A su padre le perdió el rastro apenas lo destetaron y hubo que comprar la primera lata de leche. Después aprendió a vender calcomanías robadas, y hasta el día y la hora en que estaba sentado bebiendo cerveza en el bar, toda su vida le parecía una sucesión de accidentes y casualidades en los que no intervenían para nada Dios, ni el presidente, ni los santos del altar de Canela. Esa actitud le despertaba gran curiosidad por gente como ellos y como los que estaban apostados cerca de la barra exaltando las virtudes del nuevo gobierno y la de unos cuantos equinos con la misma vehemencia, porque eran creyentes, no importaba de qué o de quién, sencillamente creían y, además, esperaban milagros.
A Eladio le habría gustado conocer esa fe, albergar esperanzas semejantes, pero jamás había sentido la necesidad de hacerlo y no estaba seguro de que funcionara. Se consideraba un hombre solo que alguien había lanzado al azar sobre cualquier lugar de este planeta y, por esas extrañas travesuras del destino, había caído en la azotea de los perdedores, de los ignorados. Otras veces, se sentía como un agujero gastado e insignificante del inmensamente largo y miserable cinturón que apretaba el cuello de la ciudad cosmopolita que estaba abajo. Si hubiese Dios — elucubraba — , si los santos de Canela tuviesen facultades, si los brujos conociesen de sortilegios, él no tendría que estar ahí pasando trabajo, ni Canela sería tan desdichada, ni sus hijos se verían condenados a la mendicidad y al pillaje. Para él los ritos carecían de significado y, además, nada tenía que pedir ni agradecer. Sus días transcurrían monótonamente ofertando carteras en las esquinas y sus noches se diluían en la espuma de unas cuantas cervezas que sólo le deparaban agrias resacas.
“Maestra vida, camará / te da y te quita / y te quita y te da…”

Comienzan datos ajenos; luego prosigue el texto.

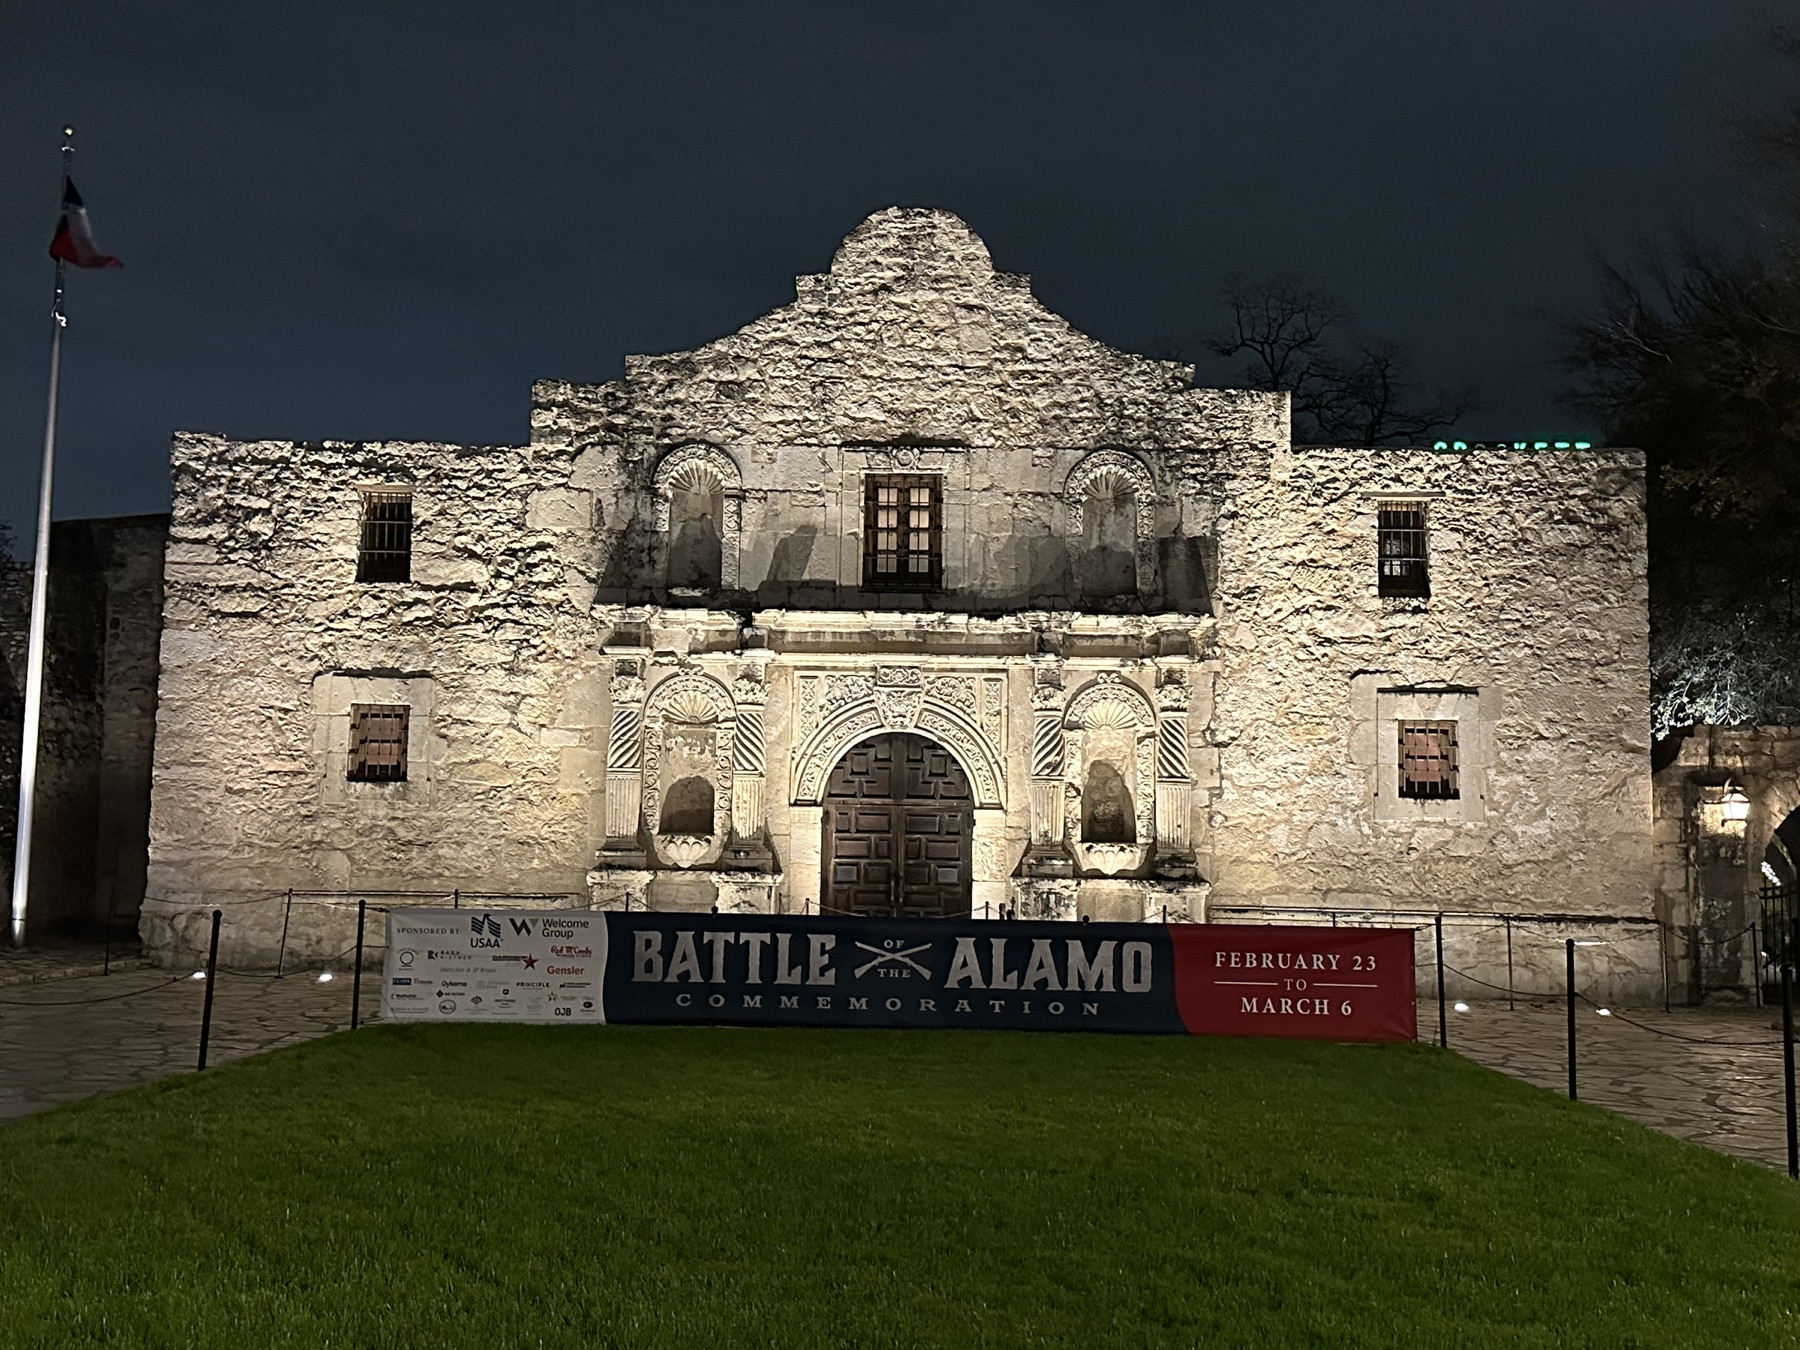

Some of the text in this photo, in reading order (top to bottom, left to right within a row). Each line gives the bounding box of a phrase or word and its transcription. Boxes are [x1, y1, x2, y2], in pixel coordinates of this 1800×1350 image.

[542, 918, 590, 929] Welcome
[396, 927, 447, 935] SPONSORED
[541, 928, 574, 940] Group
[470, 938, 500, 949] USAA
[631, 930, 1152, 993] BATTLE OF THE ALAMO
[1215, 951, 1377, 971] FEBRUARY 23
[546, 965, 585, 976] Gensler
[1284, 978, 1307, 991] TO
[675, 994, 1099, 1016] COMMEMORATION
[1240, 997, 1352, 1016] MARCH 6
[555, 1007, 572, 1017] OJB

Enfrentado consigo mismo, admitía sus limitaciones en un mundo que corría de prisa mientras él se sabía paralizado, incapaz para alcanzar al resto de los maratonistas. Sin estudios ni oficio, sin dinero ni chance, perseguido por las exigencias de Canela, mortificado por el futuro de sus hijos, deambular por la ciudad con un saco lleno de carteras no era en lo absoluto la solución a sus problemas. En ocasiones, la muerte le parecía el camino más seguro hacia ninguna parte, la extirpación de todo sufrimiento. Frecuentemente tropezaba con ella en los callejones del barrio, la encontraba radiante, alojada en cuerpos bañados en sangre y veía que el dolor se había grabado como un sello húmedo en esos rostros inanimados. La muerte significaba el final de todo, pero él quería encontrar el principio de algo que valiera la pena, que le permitiera salir a la superficie para correr junto con los demás, sólo que había perdido el entusiasmo, atrapado como estaba en la ignorancia. Odiaba su condición de ochenta por ciento a la que se refería Juancho.
Giró la cabeza y miró a su alrededor durante unos minutos, como encandilado por una visión que lo hizo reaccionar violentamente. Pidió otra cerveza, se acomodó en el taburete y apuntó con el índice hacia la cara del viejo.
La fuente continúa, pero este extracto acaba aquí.